The Capitalist Roader Fund is on the road again! More correctly, we’re on the open seas. Inspired to giddy capitalist excesses by the paper profit of our investment in China Vanke (000002.SZ), we have plunged into what we expect are the profitable waters of shipping and bought 100 shares of China COSCO Holdings (601919.SH) at RMB14.37 a share. Yes, we’re big spenders. Watch out, Warren Buffett with your fancy suits.

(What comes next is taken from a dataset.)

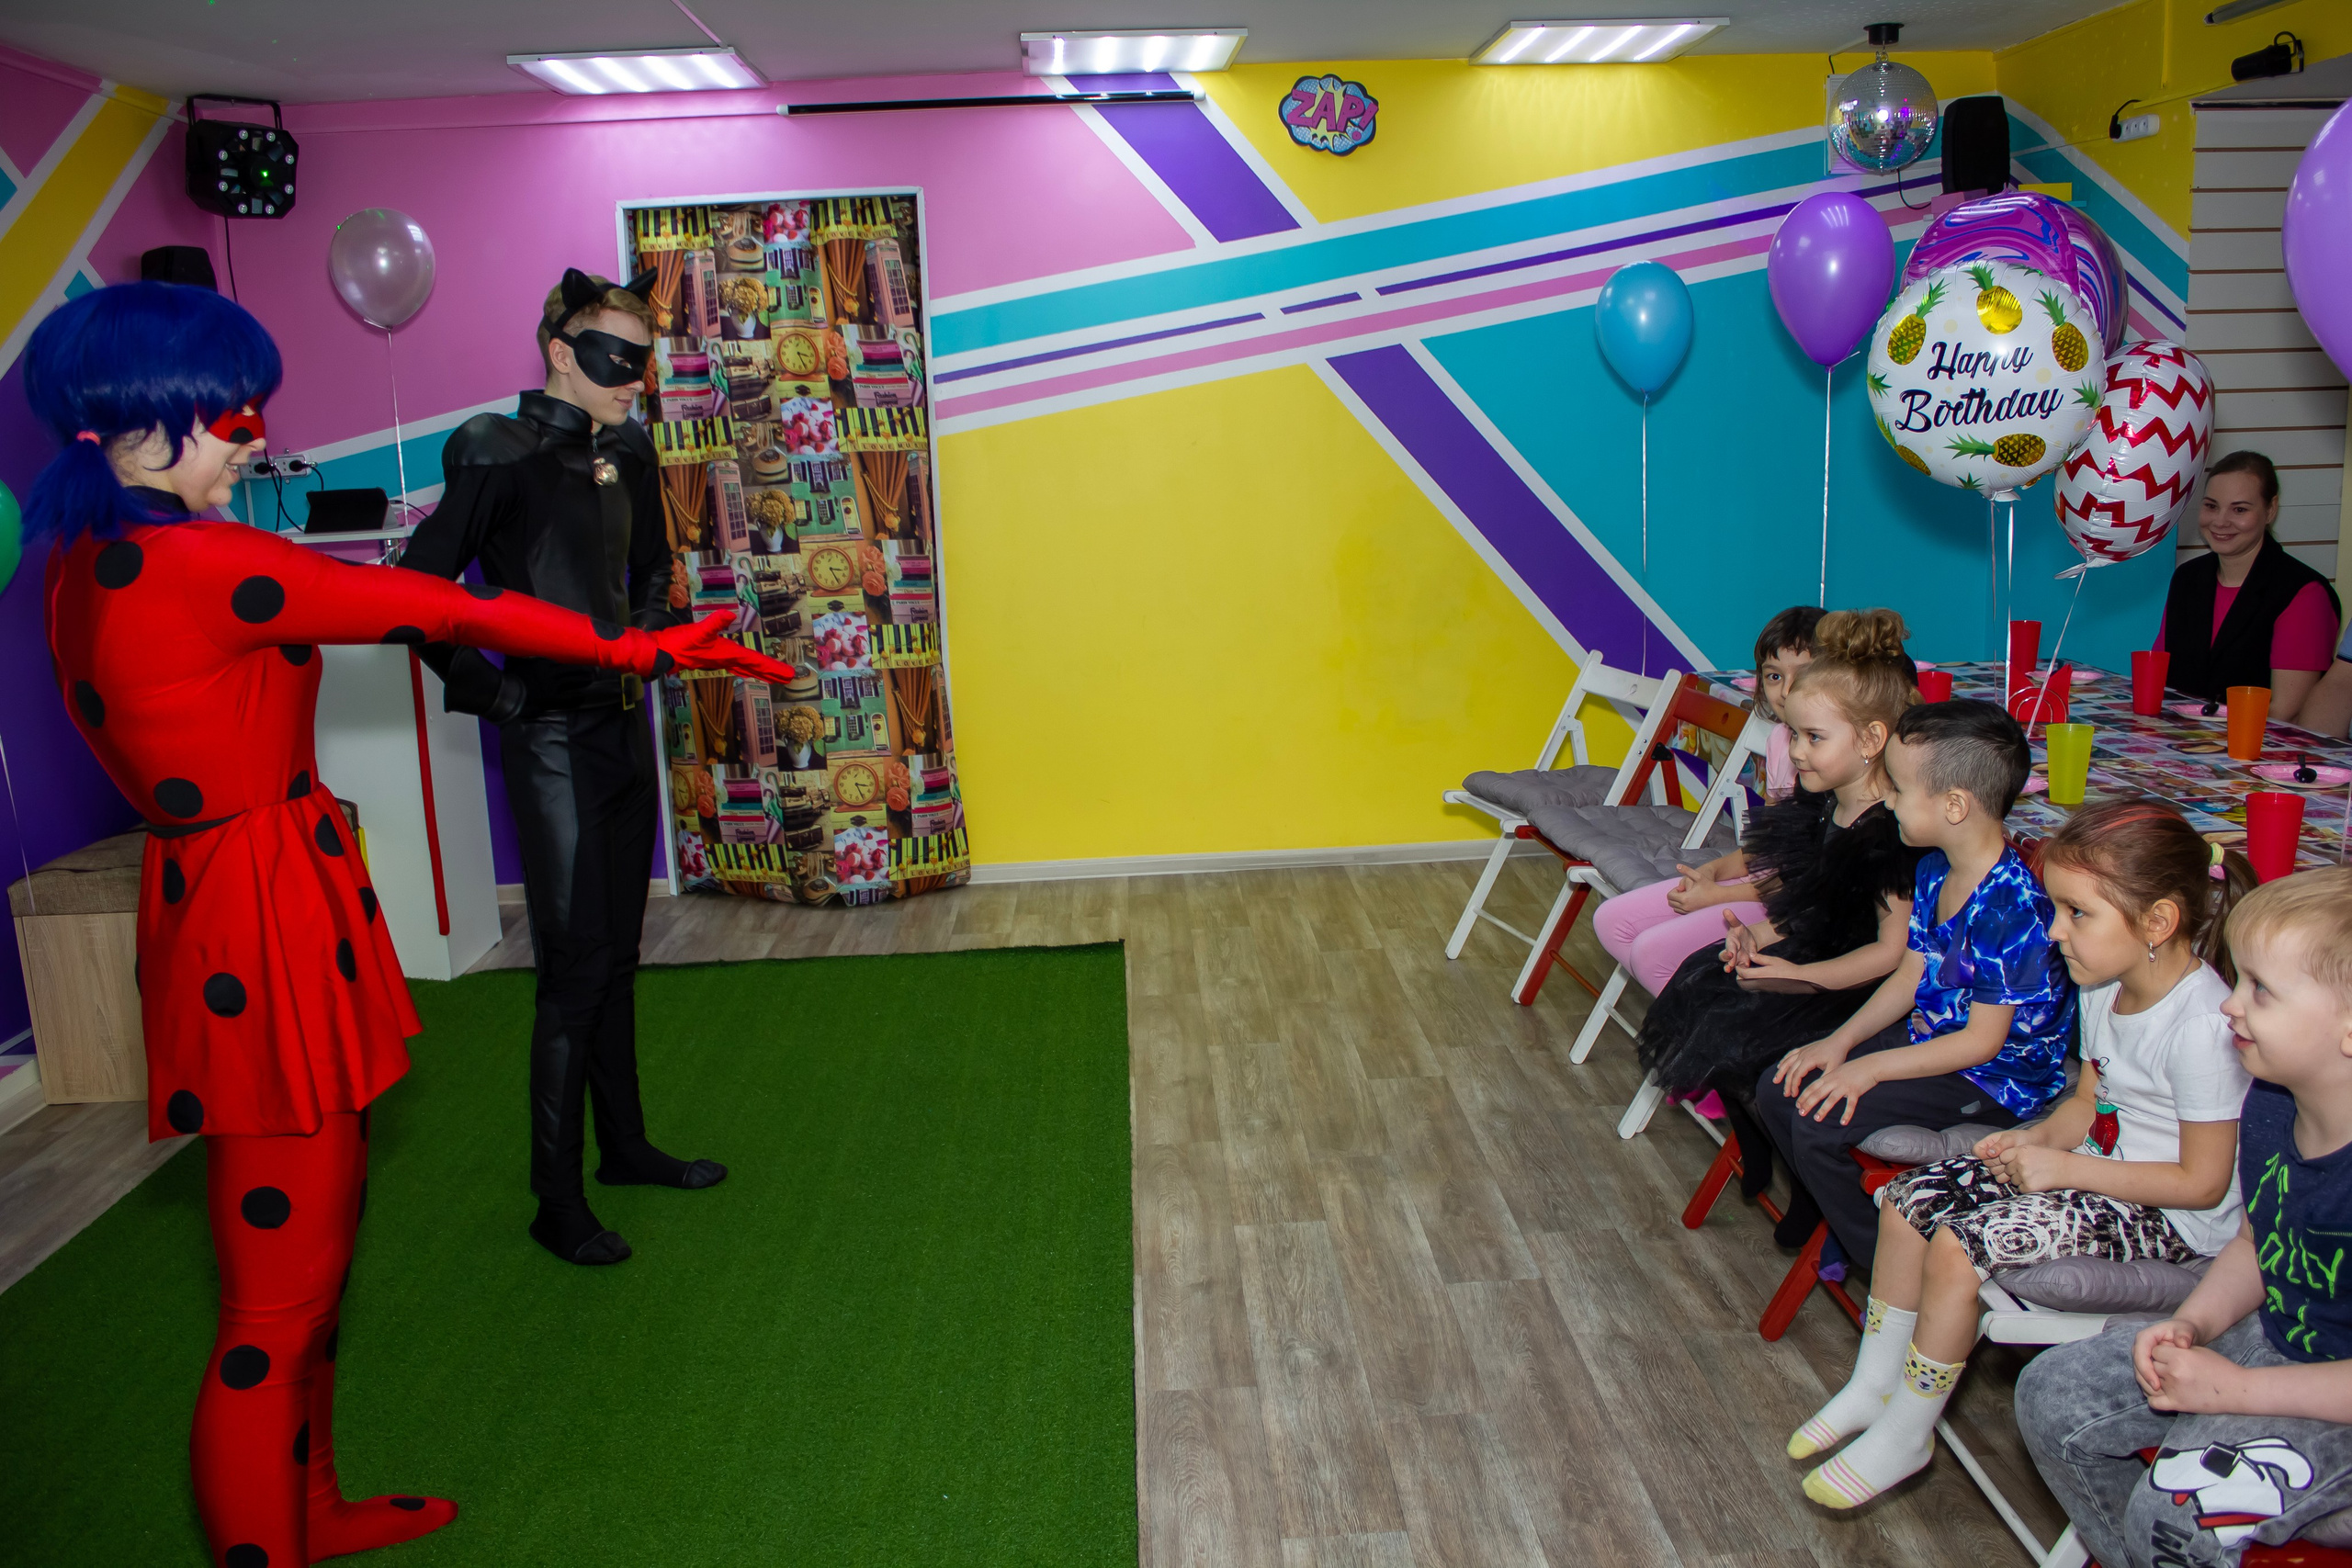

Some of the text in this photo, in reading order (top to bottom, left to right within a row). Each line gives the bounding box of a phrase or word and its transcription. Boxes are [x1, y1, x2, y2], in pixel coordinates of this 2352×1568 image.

First, that paper profit. Vanke has been riding a wave of good news recently after announcing the strong sales numbers we mentioned last week. This week brought a report of record daily sales for the year in Shenzhen, where Vanke made most of its profit last year. The developer is also boosting its land bank with a RMB1 billion (US$146.48 million) investment in Changchun, Jilin province. Vanke ended the week at RMB12.47, up 4.26% from when we bought it in August. With the encouraging third-quarter GDP figures that came out this week, and talk of sustained strength in the property market, we think we’ll be holding on for a while longer.
Jiangsu Expressway (600377.SH), like most of the market, did better this week than last, but it still lagged the Shanghai Composite Index (SCI). We mentioned previously that a series of Jiangsu stake sales in Hong Kong appeared to have a dampening effect on the company’s A-shares. This week, Boston-based asset manager Wellington Management cut its stake in the toll-road operator from 5.09% to 4.98%.
That didn’t have much of an effect over the week in either Shanghai or Hong Kong, but we’ll admit that some of the initial enthusiasm we had for the company is wearing off. Excitement over stimulus-related companies may be waning as Beijing talks about withdrawing stimulus (You’ll remember we bought Jiangsu expecting a sector-wide boost around the A-share listing of Sichuan Expressway (601107.SH) in a time of heavy government spending on infrastructure). Jiangsu is now trading down about 4.3% from when we bought it; if it moves into positive territory, we’ll likely make a quick sale.
Our move into China COSCO comes just before the company releases its third-quarter results, which are expected to reveal a big bounce. We’ll have to wait to see if that translates into a stock price bounce as well, but we think the company also has a strong longer-term position. Unsurprisingly given this year’s blows to global trade, its container business isn’t doing that well – and the company posted a brutal net loss of US$671.9 million in the first half.
On the other hand, it’s generally agreed that bulk shipping, where COSCO made 54% of its revenues last year, is a strong and growing business. If China really is on a more secure path to economic growth, its hunger for commodities will feed the need for bulk shipping for some time to come. (Watch for a profile of COSCO’s H-shares in our November issue.)
The Capitalist Roader Fund is down 27.01% from June 3, 2008. The SCI is down 9.5%.